▶ [WORK REQUIRED]
Omit every picture. Return all other data as it stands.

[Stored data]
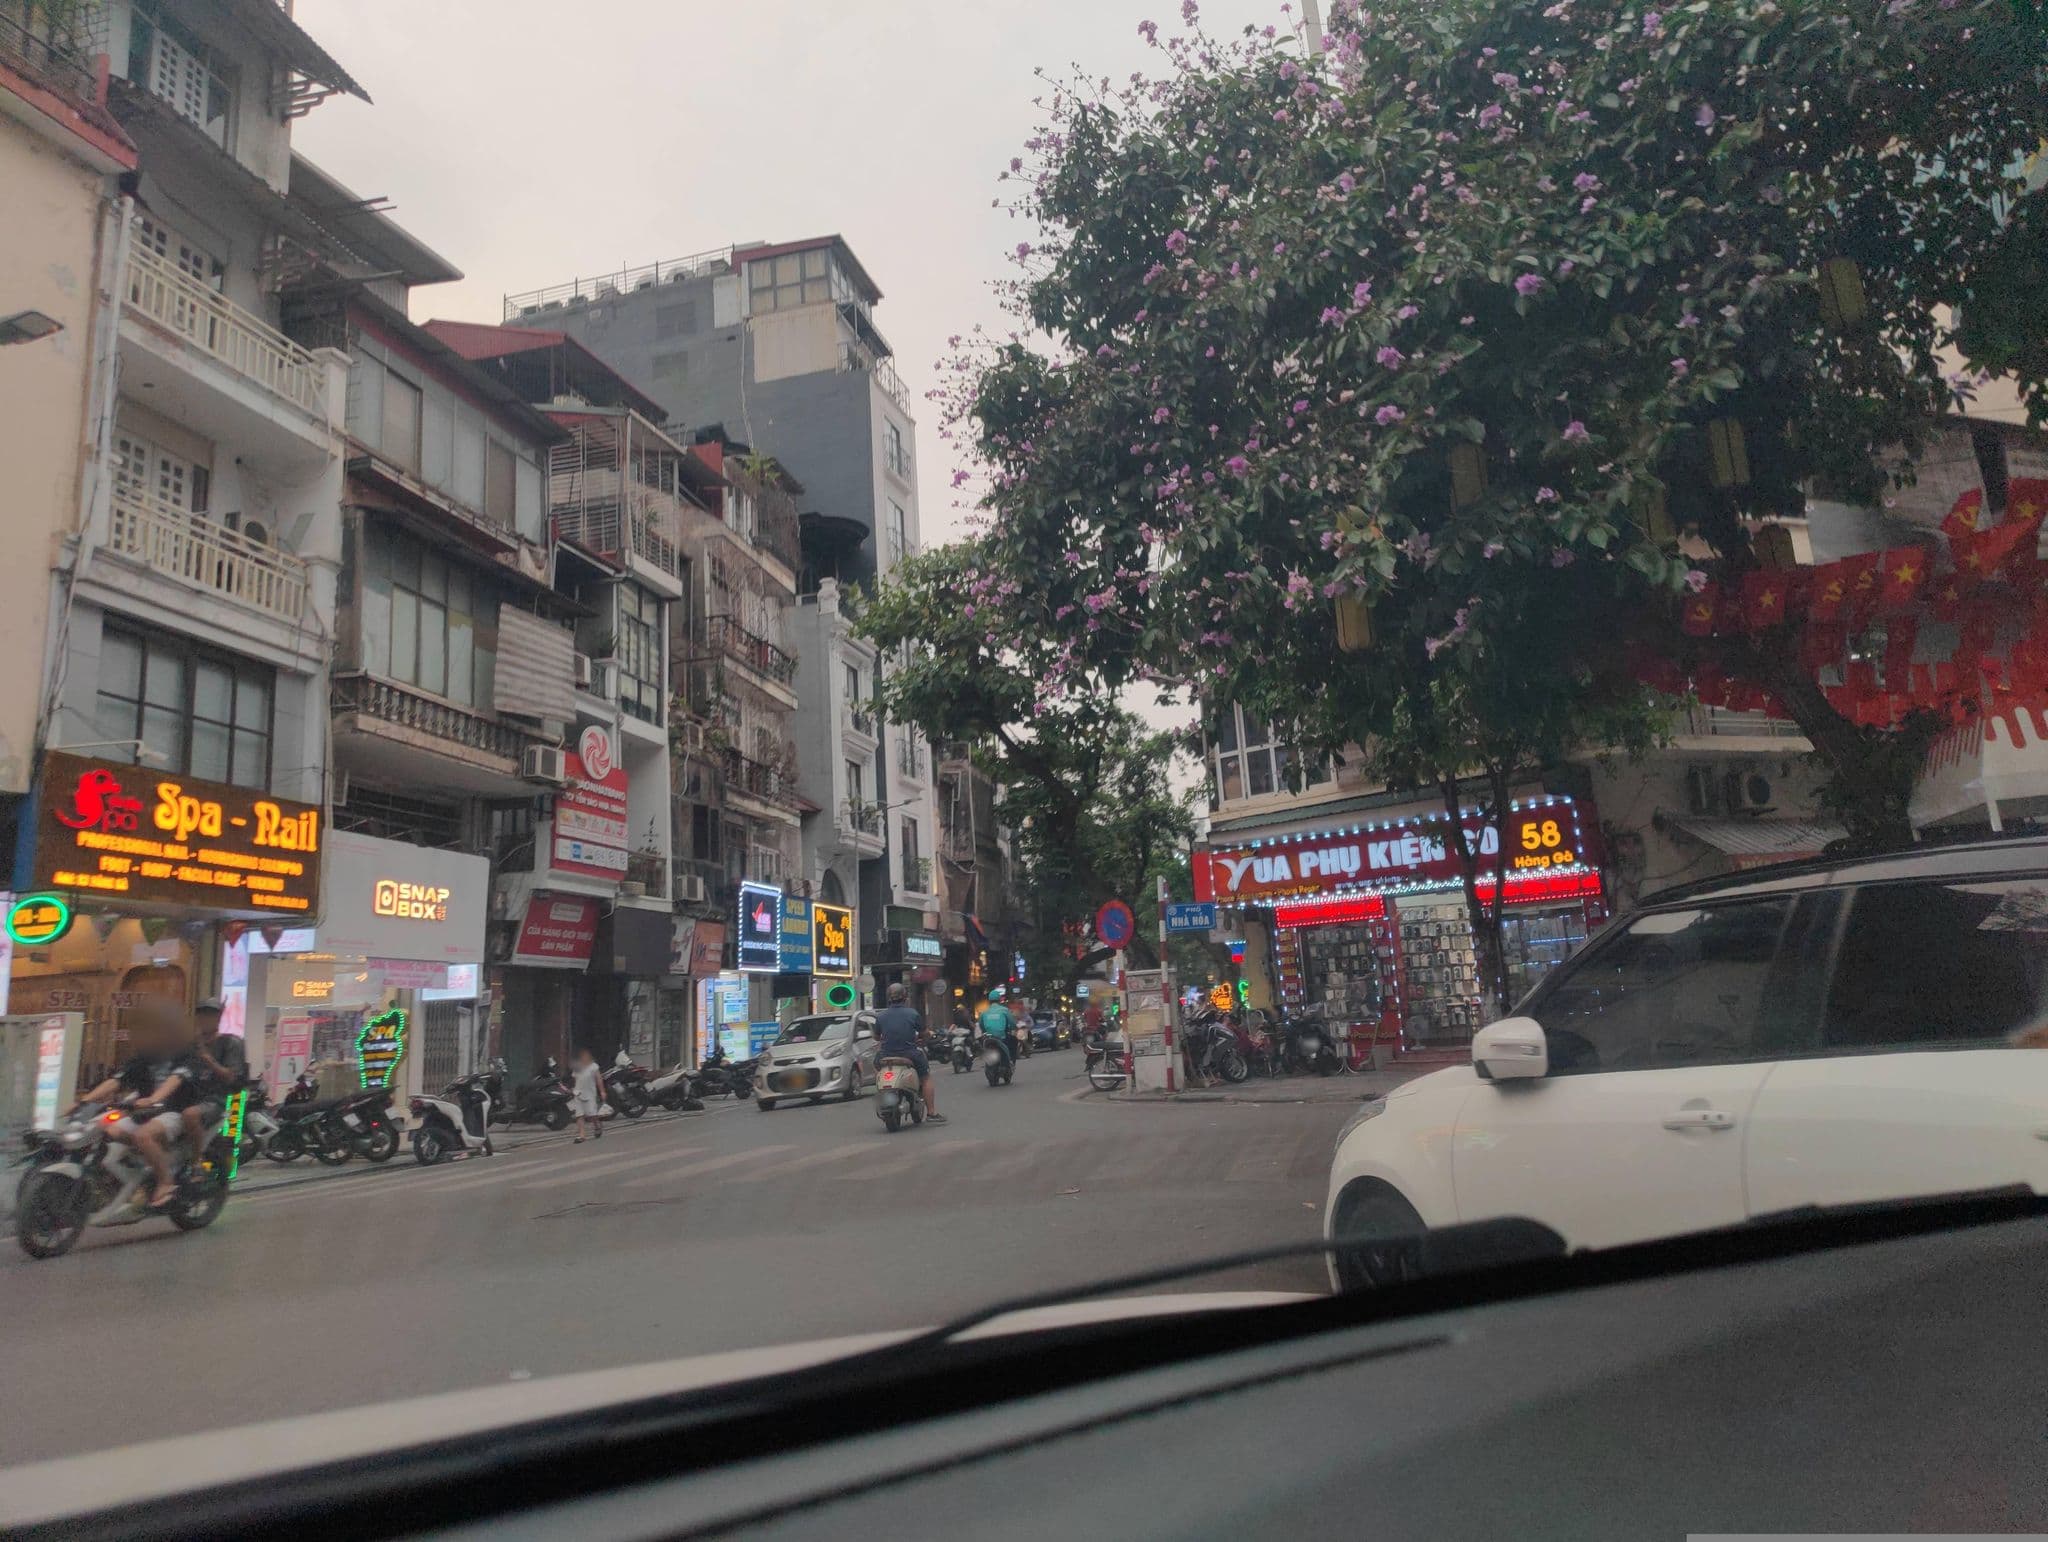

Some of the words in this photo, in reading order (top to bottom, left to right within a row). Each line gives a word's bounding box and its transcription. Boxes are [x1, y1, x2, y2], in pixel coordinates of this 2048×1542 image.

[154, 782, 222, 841] Spa
[253, 800, 318, 852] Nail
[1521, 820, 1562, 850] 58
[1299, 845, 1361, 878] PHỤ
[1367, 830, 1446, 869] KIỆN
[1515, 854, 1550, 869] Hàng
[1552, 850, 1574, 865] Gà
[398, 883, 450, 903] SNAP
[397, 900, 436, 919] BOX
[823, 922, 845, 953] Spa
[48, 990, 88, 1008] SPA
[367, 1025, 396, 1040] SPA

▶ [WRITTEN SOLUTION]
Some of the words in this photo, in reading order (top to bottom, left to right within a row). Each line gives a word's bounding box and its transcription. Boxes are [x1, y1, x2, y2], in pixel coordinates of this 2048×1542 image.

[154, 782, 222, 841] Spa
[253, 800, 318, 852] Nail
[1521, 820, 1562, 850] 58
[1299, 845, 1361, 878] PHỤ
[1367, 830, 1446, 869] KIỆN
[1515, 854, 1550, 869] Hàng
[1552, 850, 1574, 865] Gà
[398, 883, 450, 903] SNAP
[397, 900, 436, 919] BOX
[823, 922, 845, 953] Spa
[48, 990, 88, 1008] SPA
[367, 1025, 396, 1040] SPA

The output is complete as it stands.